Data extract
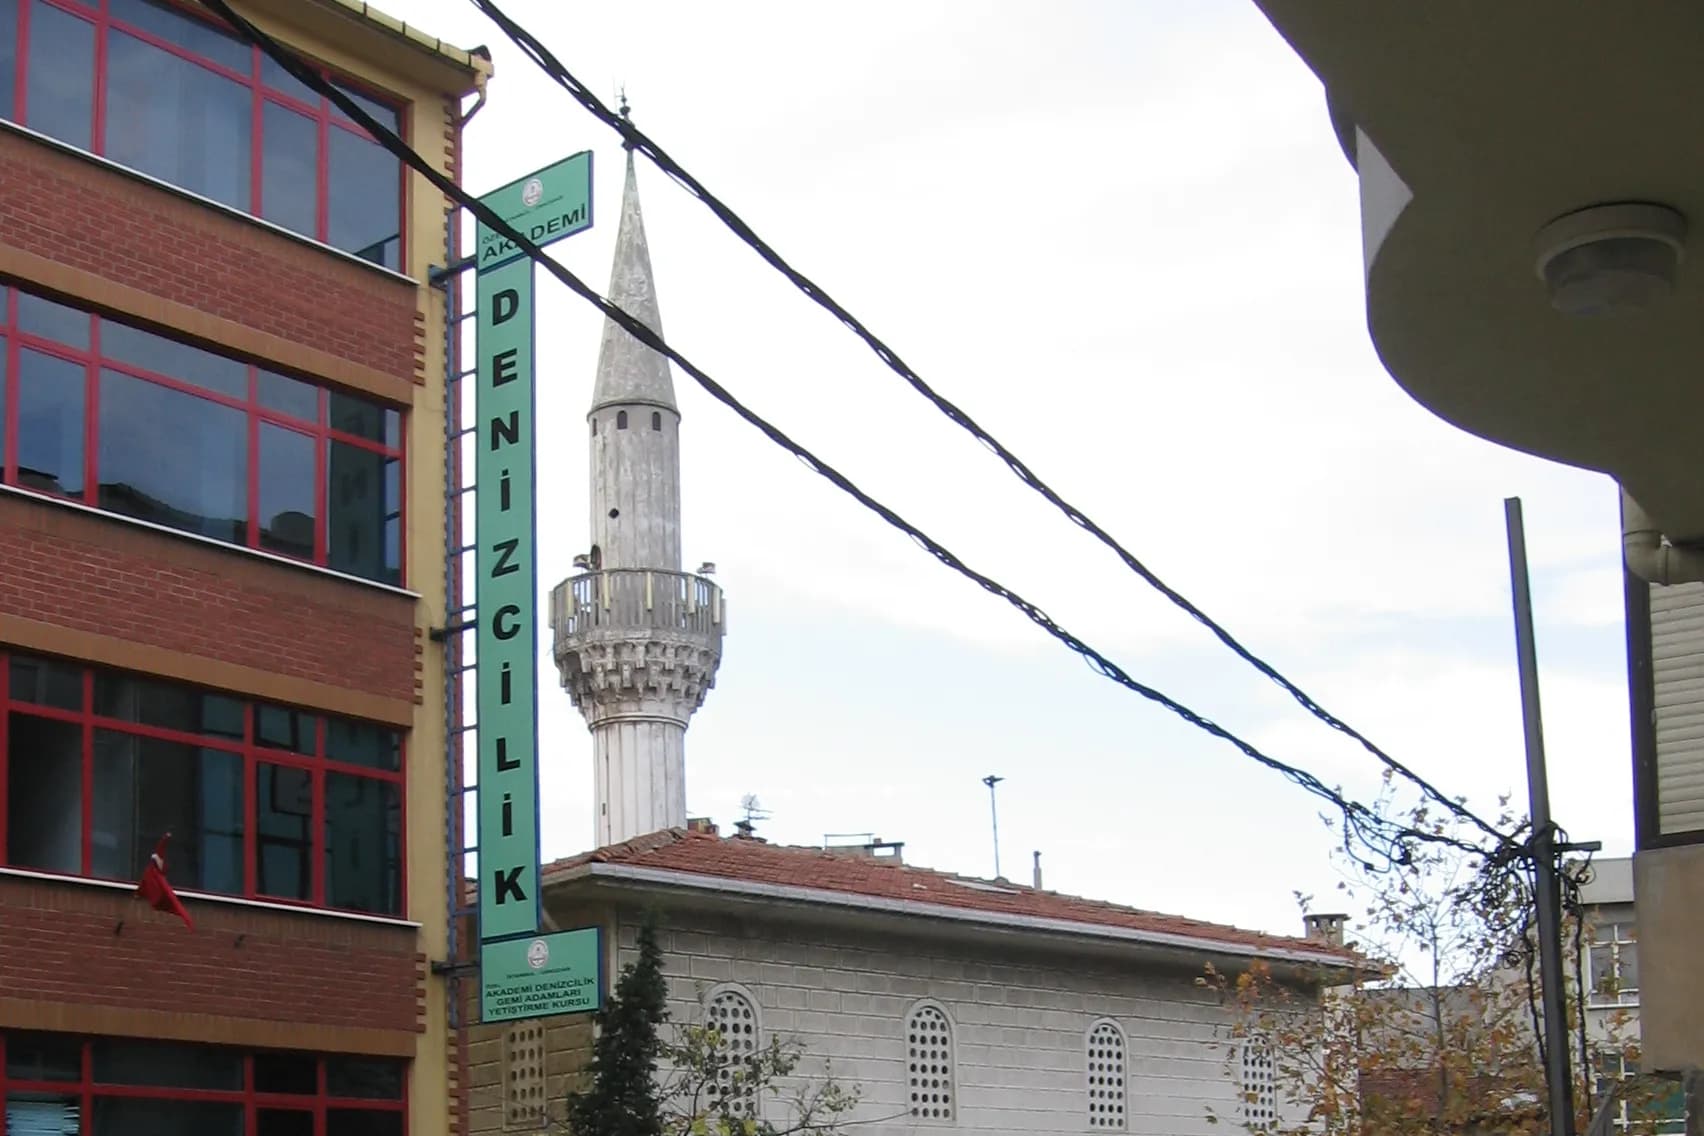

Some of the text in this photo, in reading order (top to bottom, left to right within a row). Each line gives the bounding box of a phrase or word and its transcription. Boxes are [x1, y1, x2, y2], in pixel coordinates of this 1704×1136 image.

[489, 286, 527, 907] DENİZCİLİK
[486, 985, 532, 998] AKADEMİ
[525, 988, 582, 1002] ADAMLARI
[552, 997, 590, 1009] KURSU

About this task
Write the records out again exactly as shown above, keeping no pictures.

Answer space
Some of the text in this photo, in reading order (top to bottom, left to right within a row). Each line gives the bounding box of a phrase or word and its transcription. Boxes are [x1, y1, x2, y2], in pixel coordinates of this 1704×1136 image.

[489, 286, 527, 907] DENİZCİLİK
[486, 985, 532, 998] AKADEMİ
[525, 988, 582, 1002] ADAMLARI
[552, 997, 590, 1009] KURSU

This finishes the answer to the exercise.